(DATA TO USE Opens)

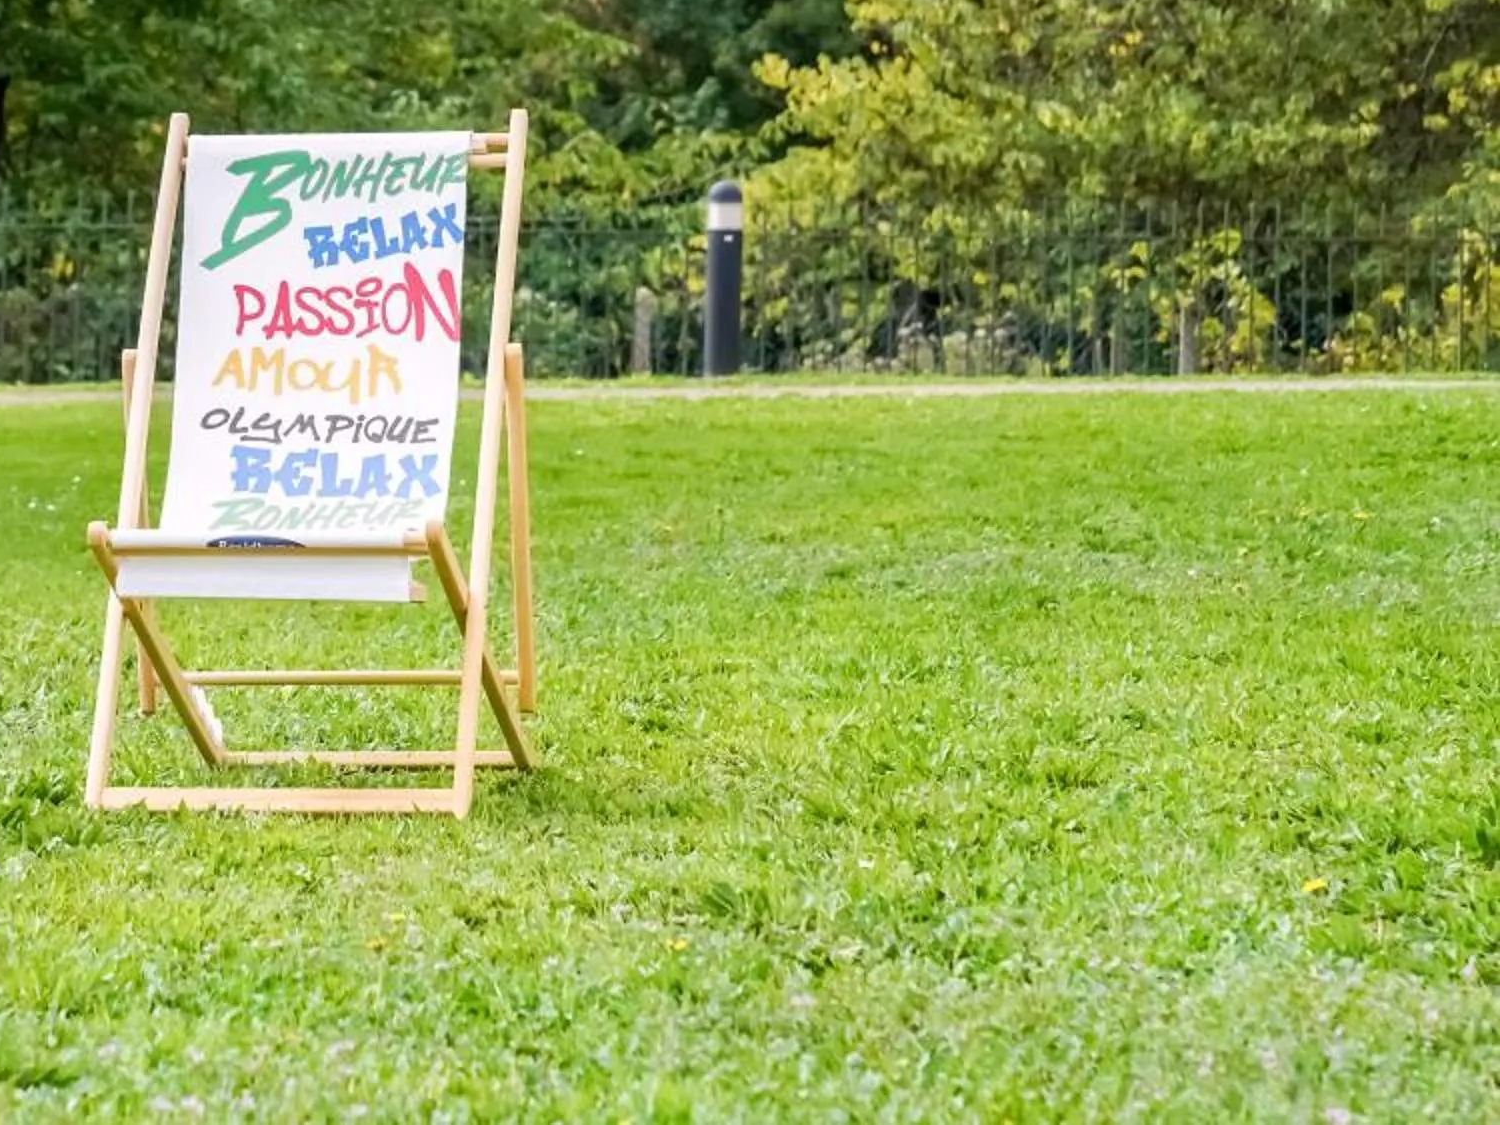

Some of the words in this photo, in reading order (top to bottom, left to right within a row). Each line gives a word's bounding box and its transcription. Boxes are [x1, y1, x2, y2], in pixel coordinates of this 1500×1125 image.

[200, 150, 468, 270] BONHEUR
[304, 203, 463, 268] RELAX
[212, 344, 404, 405] AMOUR
[230, 445, 441, 499] RELAX
[208, 497, 424, 531] BONHEUR

(DATA TO USE Closes)

• **TASK GOAL**: Print the preceding material over again exactly. Please leave the pictures out.

• **EXPECTED ANSWER**:
Some of the words in this photo, in reading order (top to bottom, left to right within a row). Each line gives a word's bounding box and its transcription. Boxes are [x1, y1, x2, y2], in pixel coordinates of this 1500×1125 image.

[200, 150, 468, 270] BONHEUR
[304, 203, 463, 268] RELAX
[212, 344, 404, 405] AMOUR
[230, 445, 441, 499] RELAX
[208, 497, 424, 531] BONHEUR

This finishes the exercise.